Wells Fargo is dishing out tens of millions of dollars to settle allegations that the banking giant charged its customers excessive fees for investment advice.
In a new press release, the U.S. Securities and Exchange Commission (SEC) claims that Wells Fargo collected an additional $26.8 million in advisory fees after overcharging more than 10,900 customers.
The SEC says the overbilling took place when certain financial advisers from Wells Fargo along with the firms acquired by the lender agreed to reduce the standard advisory fees for some of the banking giant’s customers.
Although the agreement was put into writing at the time the customers’ accounts were opened, Wells Fargo failed to make the changes in its billing systems.
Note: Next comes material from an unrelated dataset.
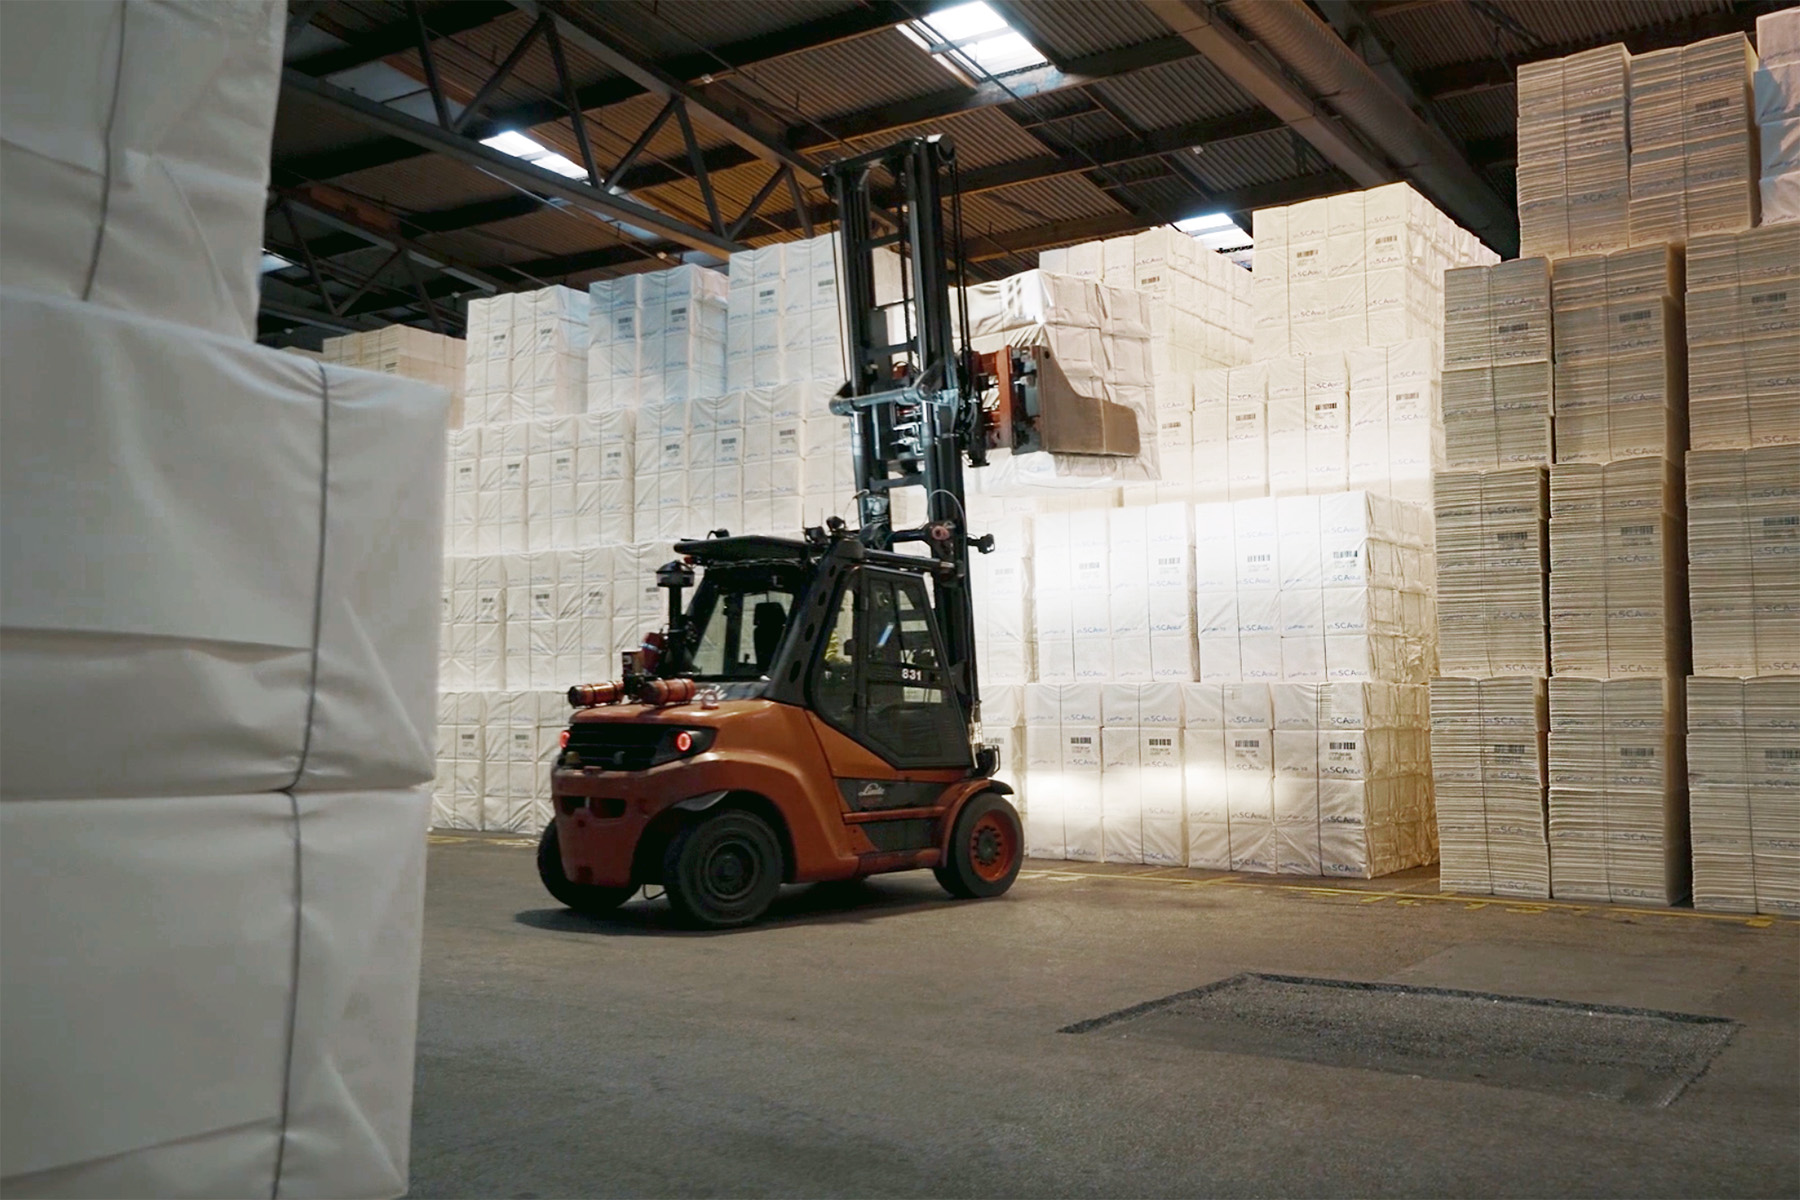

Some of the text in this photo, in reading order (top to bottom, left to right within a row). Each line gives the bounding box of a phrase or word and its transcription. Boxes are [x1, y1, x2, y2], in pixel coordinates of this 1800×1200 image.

The SEC also claims that the banking giant did not establish measures or policies that could have prevented the overbilling. According to the SEC, Wells Fargo overcharged some customers who opened their accounts before 2014 through December 2022.
Says Gurbir S. Grewal, Director of the SEC’s Enforcement Division,
“For years, Wells Fargo and its predecessor firms negotiated reduced advisory fees with thousands of clients, but failed to honor them, overcharging those clients millions of dollars as a result. Today’s enforcement action underscores the need for firms growing their businesses through acquisition to ensure that their growth does not come at the expense of client protection…
Investment advisers must adopt and implement policies and procedures to ensure that they honor their agreements with all of their clients, including legacy clients of predecessor firms.”
Wells Fargo has agreed to pay a $35 million civil penalty without admitting or denying the charges.
The lender also shelled out $40 million, including interest, to reimburse customers who paid the additional advisory fees.